Why would anyone want to convert an exponential expression from one base to another? Why would logarithms help?

For that matter, what * are* exponents and logarithms?

If you simply want to learn the conversion formula, feel free to skip the introductions and link to the final page: **Finally: How to Convert the Base of an Exponent.**

## One Reason to Convert from one Exponential Base to Another

The chance of a tossed “fair” coin landing “heads” is 1/2. The chance of getting ten “heads” in ten tosses is “1/(2^10) = 1/1024”. That is not much worse than “1/1000 = 1/(10^3).”

Informally, that converted base-2 to base-10, and changed the exponent from ten to “approximately three.”

That’s easy enough if one selects a power of two that comes close to a power of ten, but surely there is a more accurate, general-purpose mathematical tool.

## Introduction to the Base and Exponent in Mathematics

Let’s answer that early question about “base”, “exponent” and “logarithm.”

Normally we use * base*-10 for everyday arithmetic. The ten digits {0, 1, 2, 3, 4, 5, 6, 7, 8, 9} indicate specific values. Writing a number such as “twenty-seven and a half = 27.5” uses three of those digits. The value is found by using powers of ten.

“27.5 = 2*10 + 7*1 + 5/10 = 2*(10^1) + 7*(10^0) + 5*(10^-1)” is a very explicit way to show this value. The ‘*’ is the multiplication operator, and the ‘^’ is the * exponentiation* operator.

The * exponent* shows the number of times the

**base**is multiplied by itself. For any non-zero real number ‘b’ as the base and ‘j’ as a positive integer, “b^j = b*b*…*b” where the ‘b’ appears ‘j’ times. So “b^1 = b”.

By definition, “b^0 = 1” for any non-zero, real number ‘b’. Some would define “0^0 = 1” also, but others leave it undefined.

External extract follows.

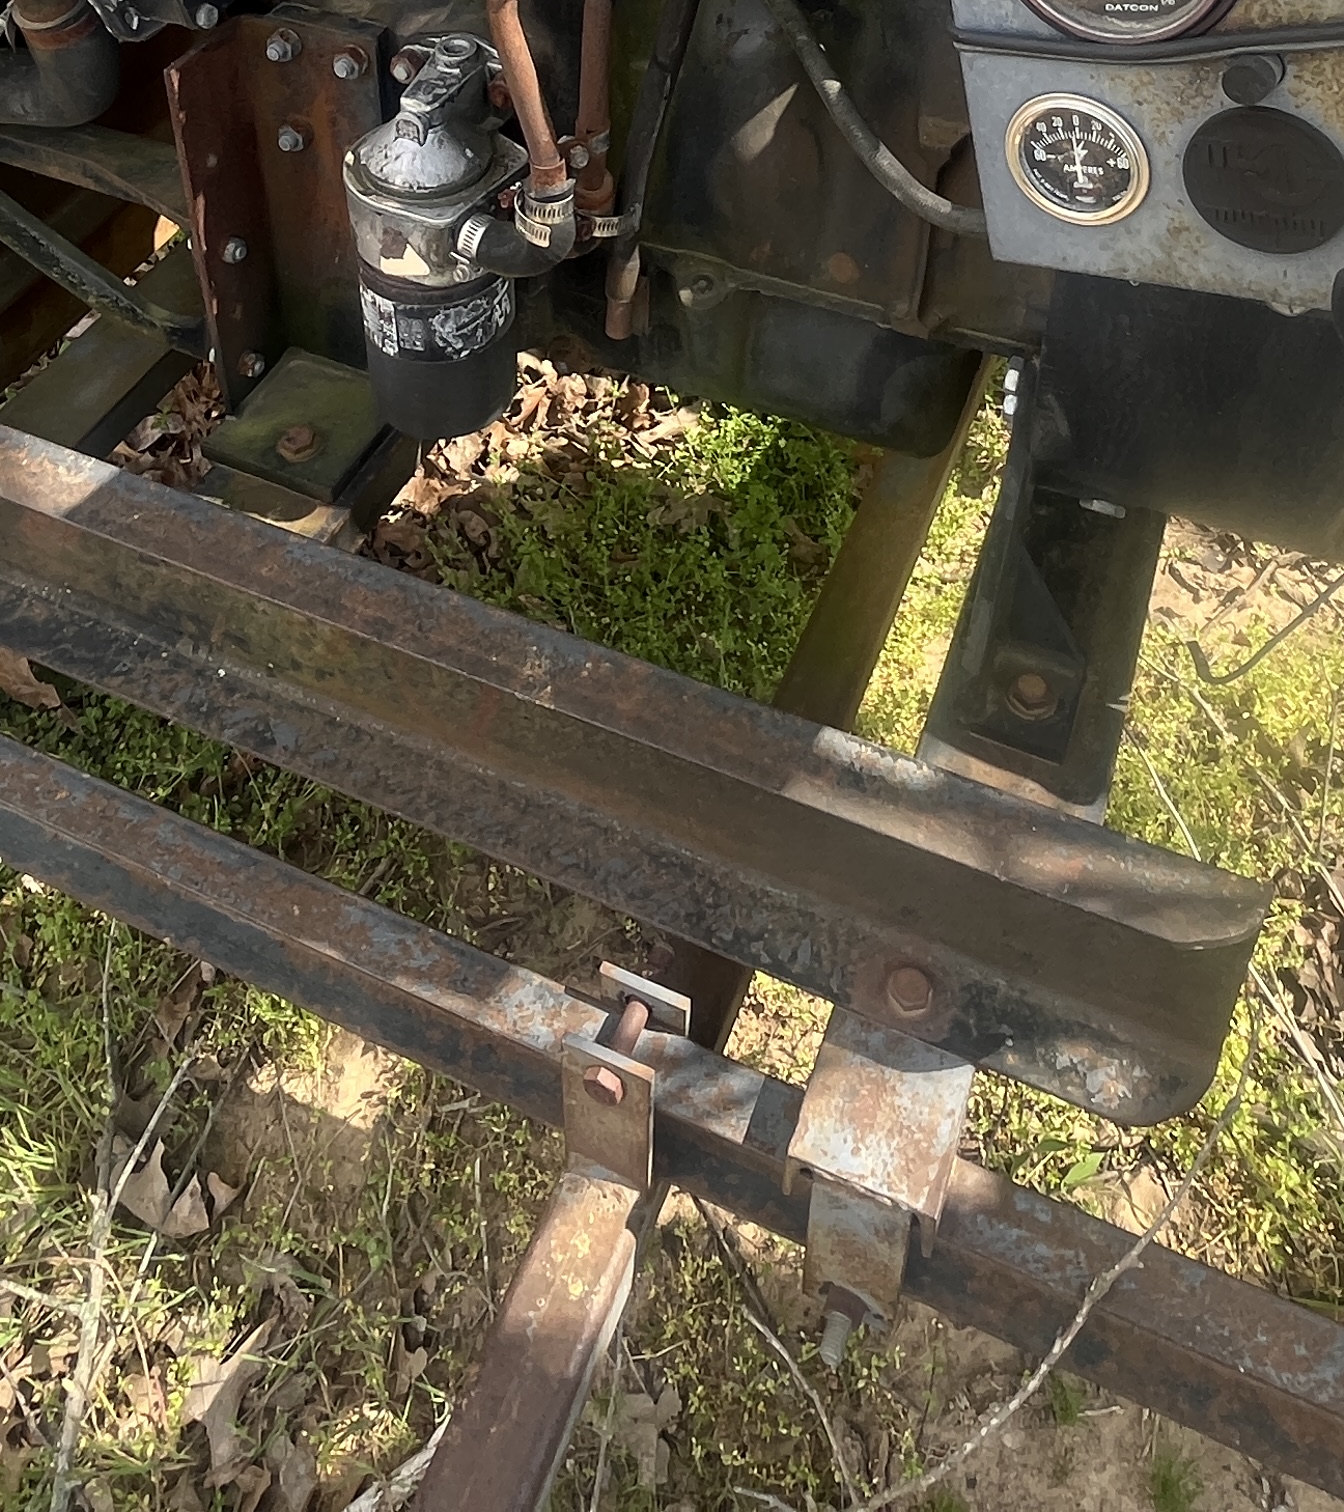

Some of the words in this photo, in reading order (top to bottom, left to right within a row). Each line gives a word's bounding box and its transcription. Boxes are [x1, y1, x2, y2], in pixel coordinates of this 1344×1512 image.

[1104, 3, 1159, 12] DATCON
[1072, 114, 1080, 126] 0
[1062, 162, 1105, 176] AMERES

An exponent can be a negative integer. If ‘j’ is a positive integer, then “b^(-j) = 1/(b^j)”.

An exponent can be a fraction, or “rational” number. If ‘j’ and ‘k’ are positive integers, “b^(1/k) = the k-th root of b”. From the coin-toss example, “2 is the 10th root of 1,024.”

In other words, “b = ( b^(1/k) )^k”. Multiply the k-th root of ‘b’ by itself ‘k’ times, and you have the value ‘b’.

Then “b^(j/k) = the k-th root of b^j”.

John says

Re OP:

same idea, easier for me to understand:

1. “b^m = a^x”, to solve for ‘x’.

2. “log[a}(b^m) = x”. take log[a] of both sides.

3. “m * log[a}(b) = x”. pull the m out of the log

4. “m * ln(b)/ln(a) = x”. replace with natural logs

Re Chuck:

from what you described:

b^m = a^x

b/a = c

c * m =? x

c should be 0.301 from OP’s calculations rather than 5

also log[2]( 10^15 ) = 49.829 not 75

in other words:

10^14 = 2^46.507

10^15 = 2^49.829

Chuck Crosthwait says

I’m pretty sure I found an easier formula for converting an exponent series from base10 to base2. I’ll try to express it here with a known value.

10^14=2^x

Using the formula above you’d use

x=14*ln(10)/ln(2)

and arrive at 70.

If you use some funky cross multiplication I haven’t seen anywhere you could do the following instead:

10^14=2^x

10/2=5

5*14=70

10^14=2^70

I’d like to preface with the fact that I did not locate this formula anywhere after searching for ~1hr. I tried to remember the general formula for finding exponent X in a known system. I have only tried this converting from base10 to base2 and back and tried with other known values, e.g.:

10^15=2^x

10/2=5

5*15=75

10^15=2^75

and this is borne out in the formula

x = m*ln(b)/ln(a)

for finding

b^m = a^x

so it works. Did I stumble upon a formula I haven’t found before or is this something new and just too simple to have been considered before?

Please do reply, I really want to know if there’s some unknown mathematical principle I needed to know or knew and forgot.